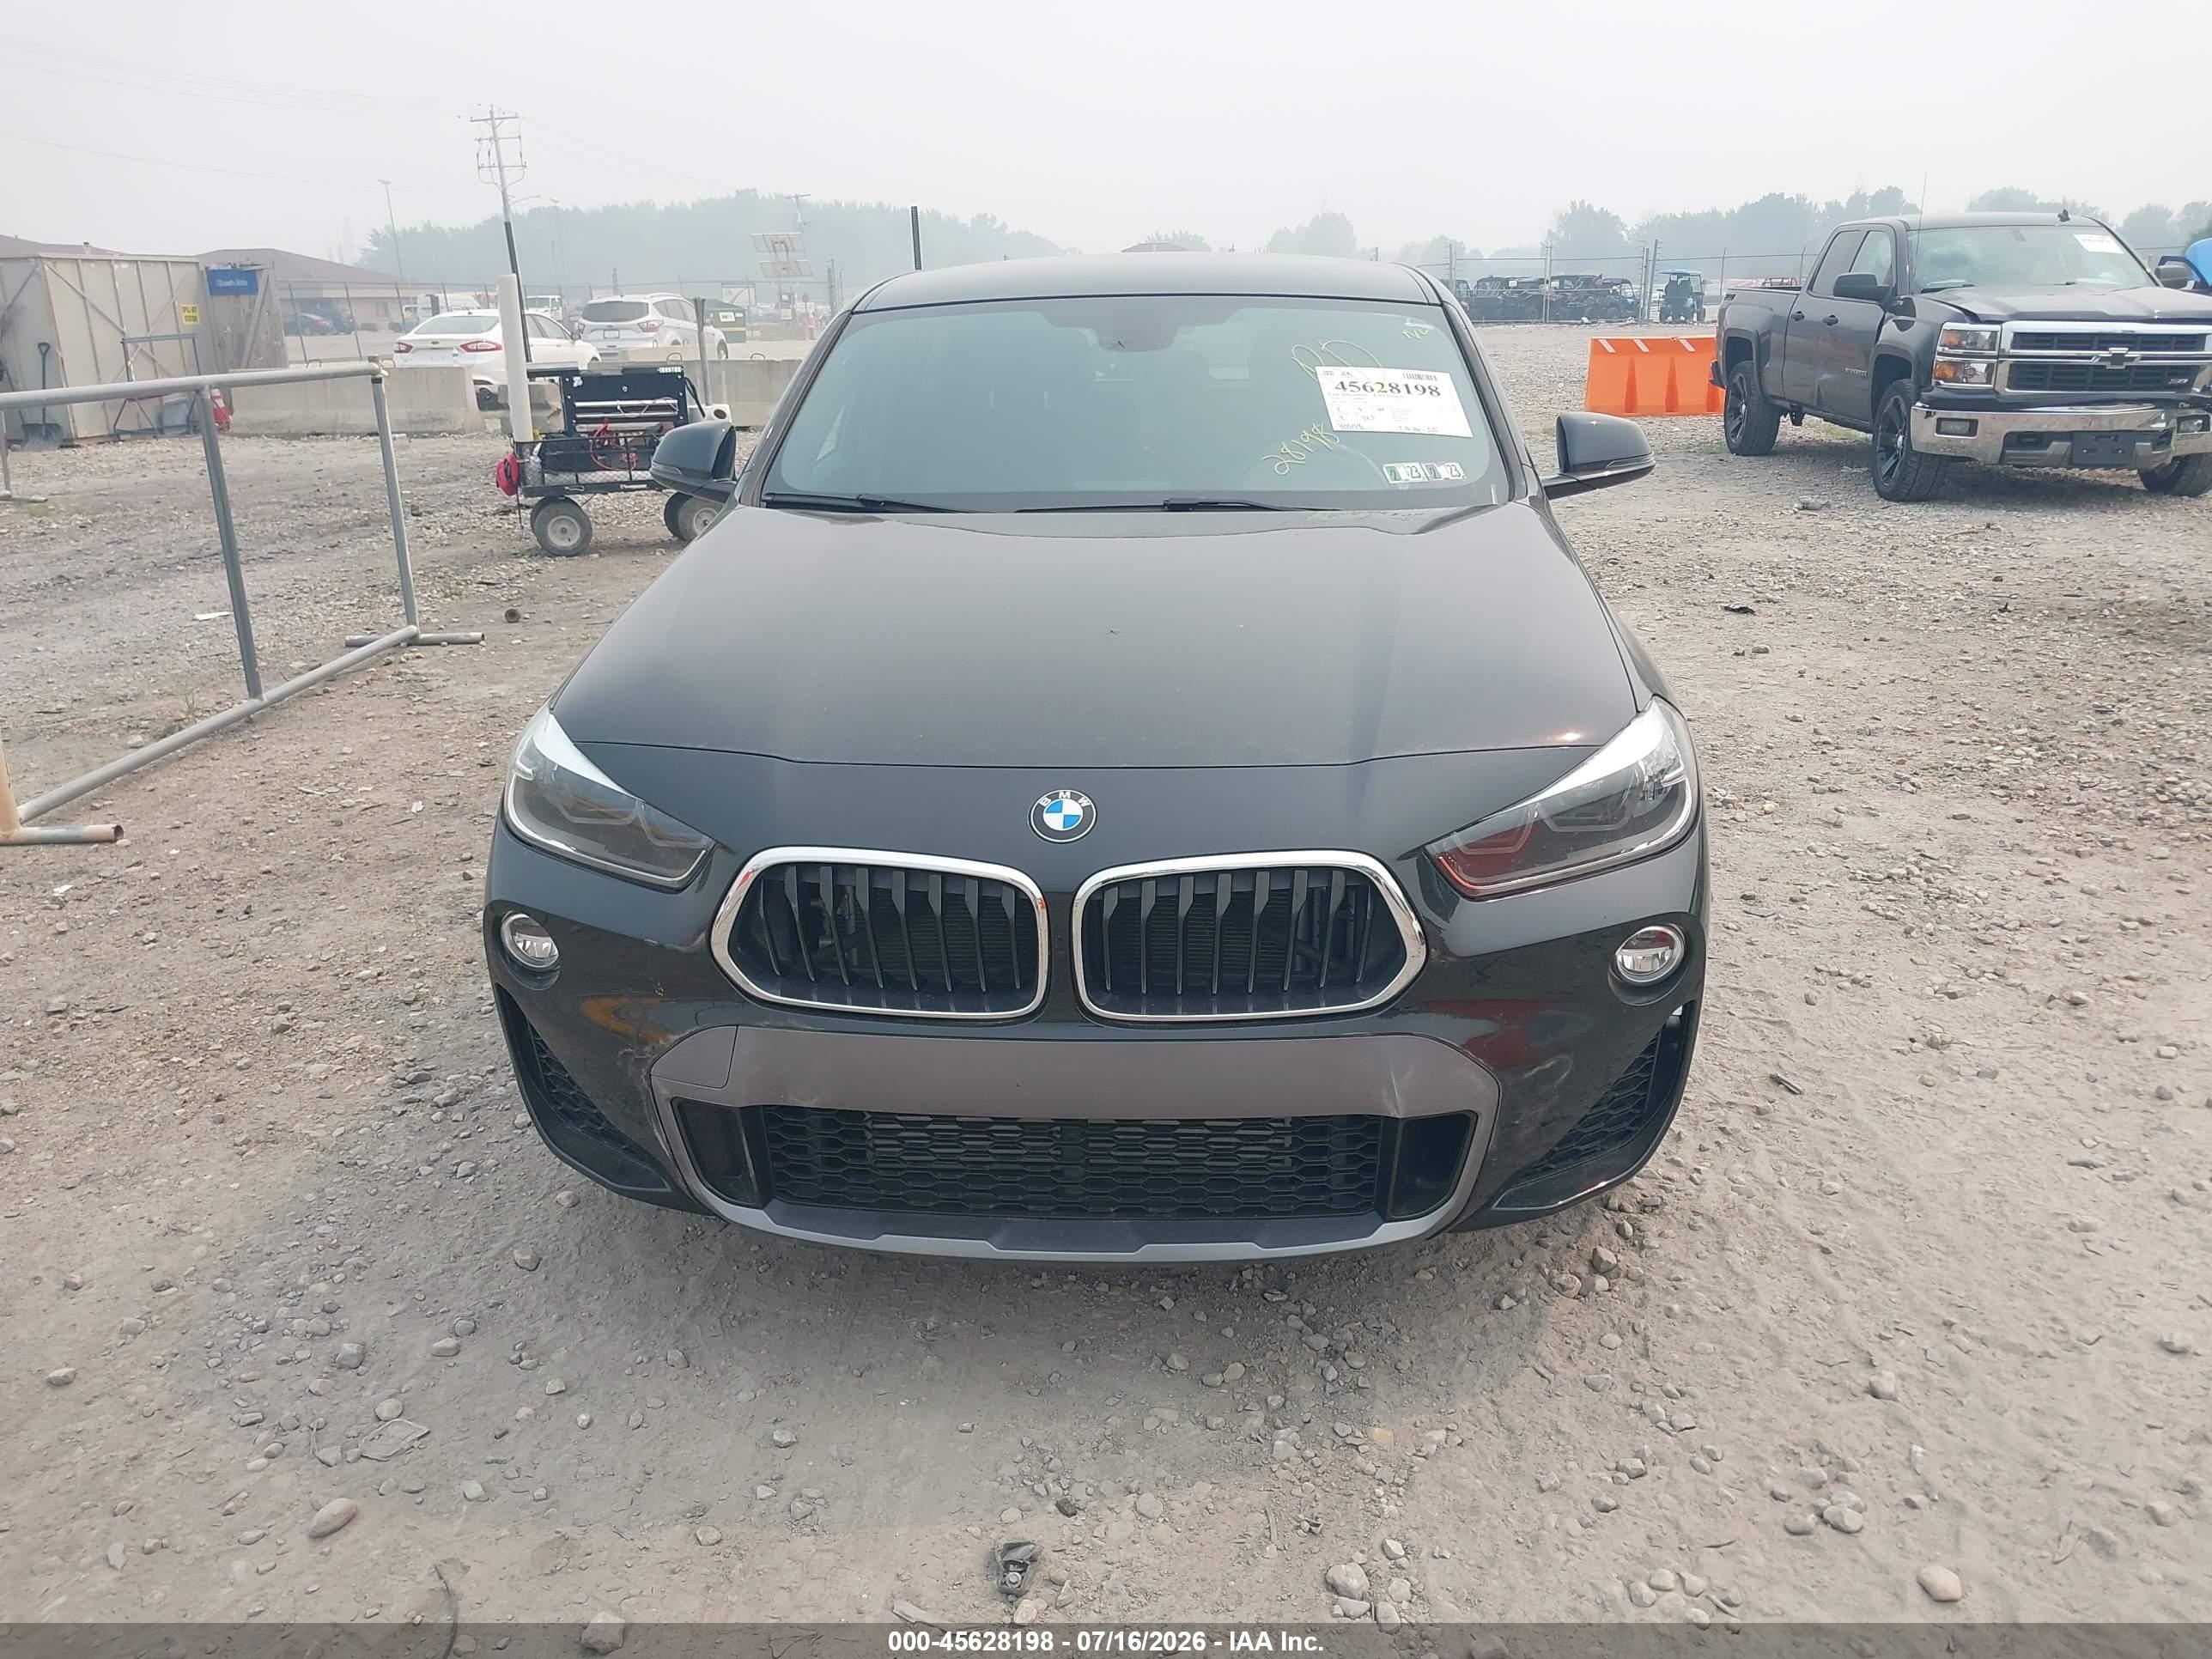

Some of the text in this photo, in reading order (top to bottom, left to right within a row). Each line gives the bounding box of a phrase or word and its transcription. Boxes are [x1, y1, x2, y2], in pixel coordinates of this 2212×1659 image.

[1334, 380, 1441, 398] 45628198
[1261, 422, 1340, 476] 28198
[1039, 791, 1091, 807] BMW
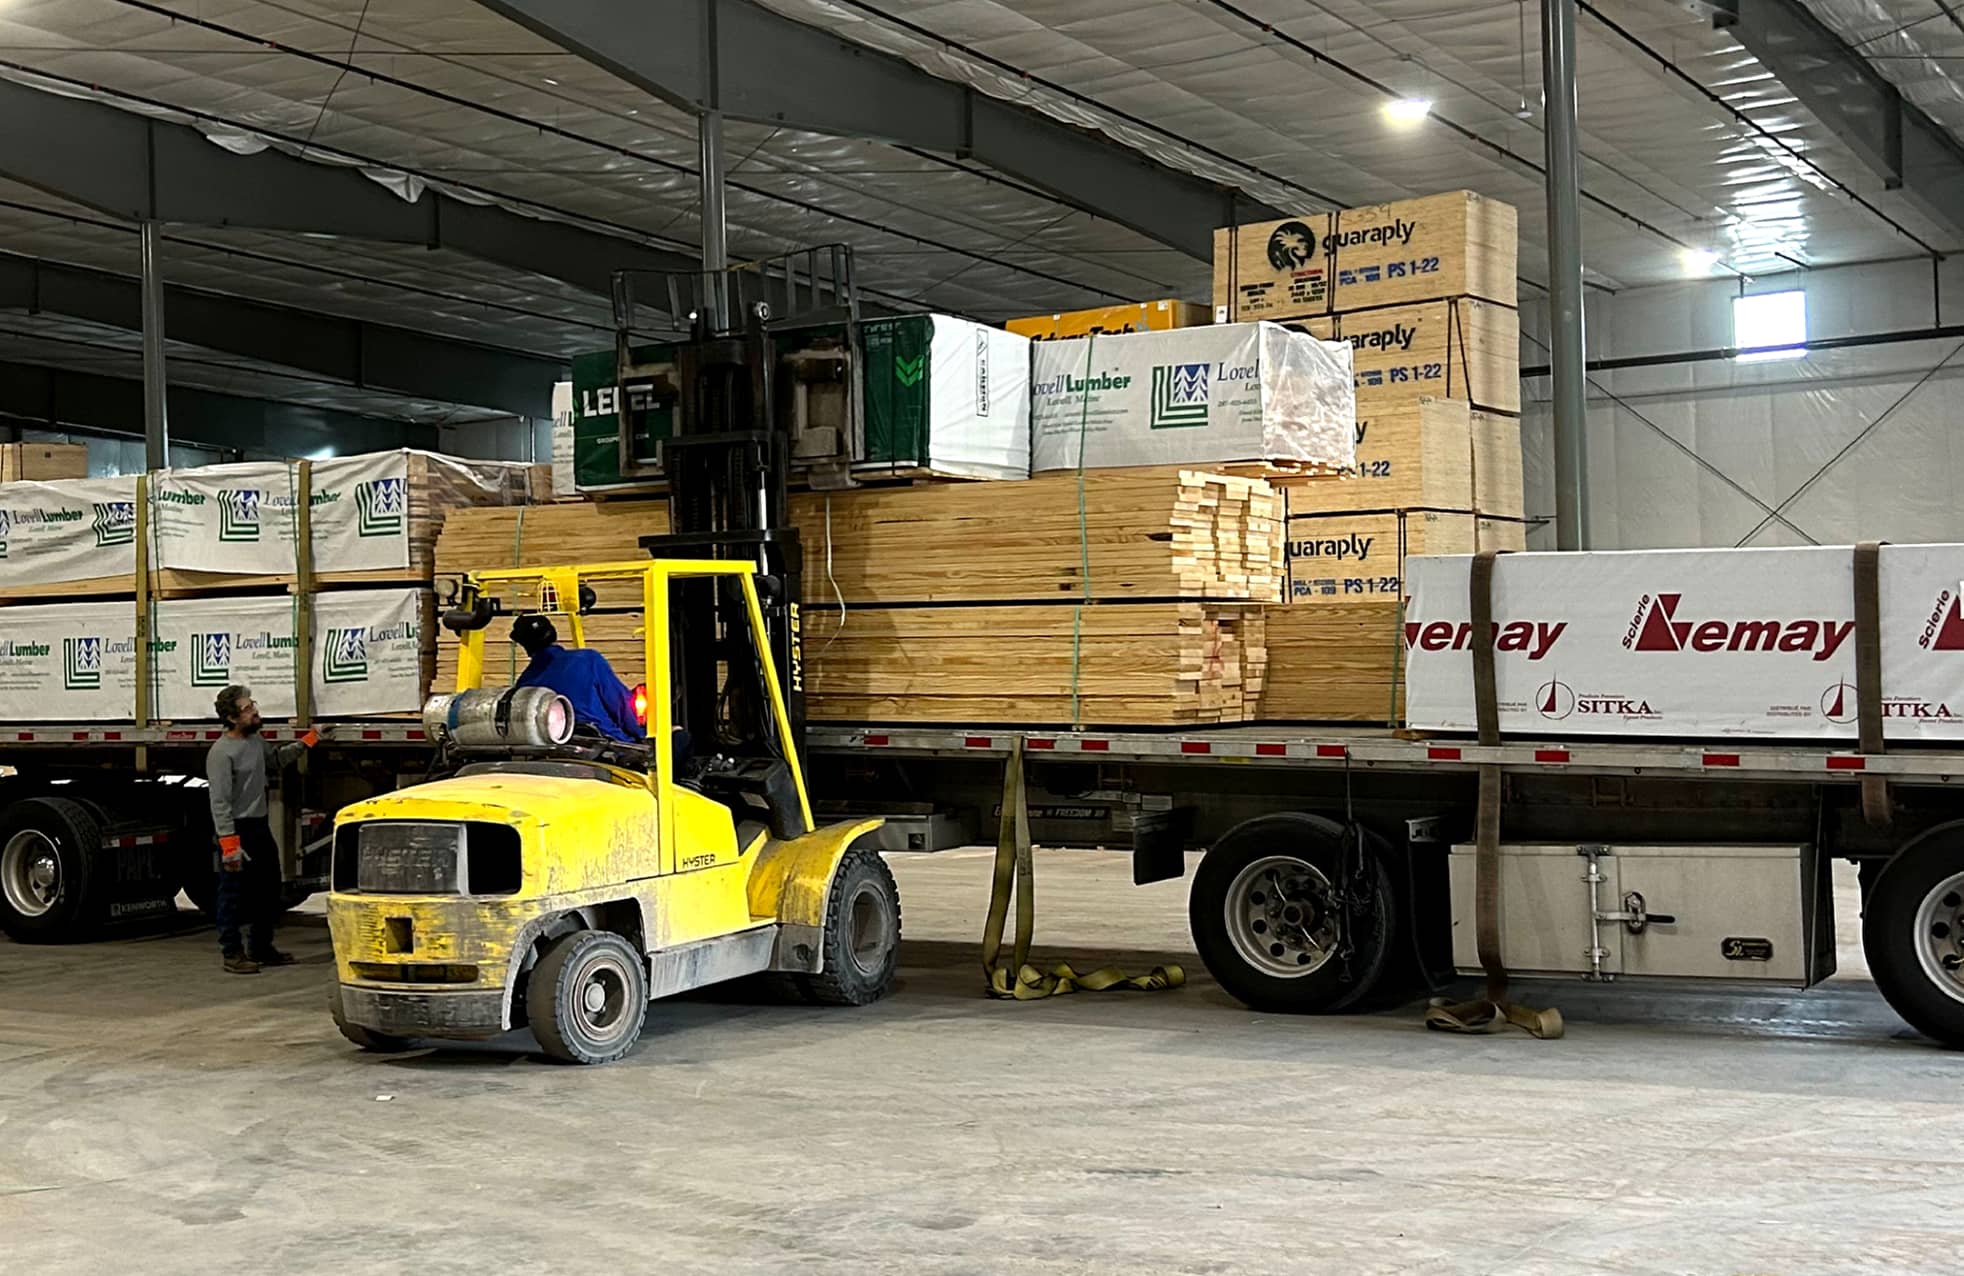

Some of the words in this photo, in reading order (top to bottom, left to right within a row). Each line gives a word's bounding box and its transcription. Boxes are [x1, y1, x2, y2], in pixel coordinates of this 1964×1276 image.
· · · · · · ·
Work task. Only the text of the records above, copied exactly, should be returned; the pictures stay out.

Solution to this problem.
Some of the text in this photo, in reading order (top to bottom, left to right within a row). Each line gives the bounding box of a phrase or word and its transcription. Boxes are [x1, y1, x2, y2], in pixel coordinates of this 2212×1659 image.

[1334, 380, 1441, 398] 45628198
[1261, 422, 1340, 476] 28198
[1039, 791, 1091, 807] BMW

Some of the words in this photo, in reading order (top to bottom, left to right within a row). Each line gives a word's bounding box and its transcription. Boxes are [x1, y1, x2, y2], in pixel coordinates of this 1964×1276 image.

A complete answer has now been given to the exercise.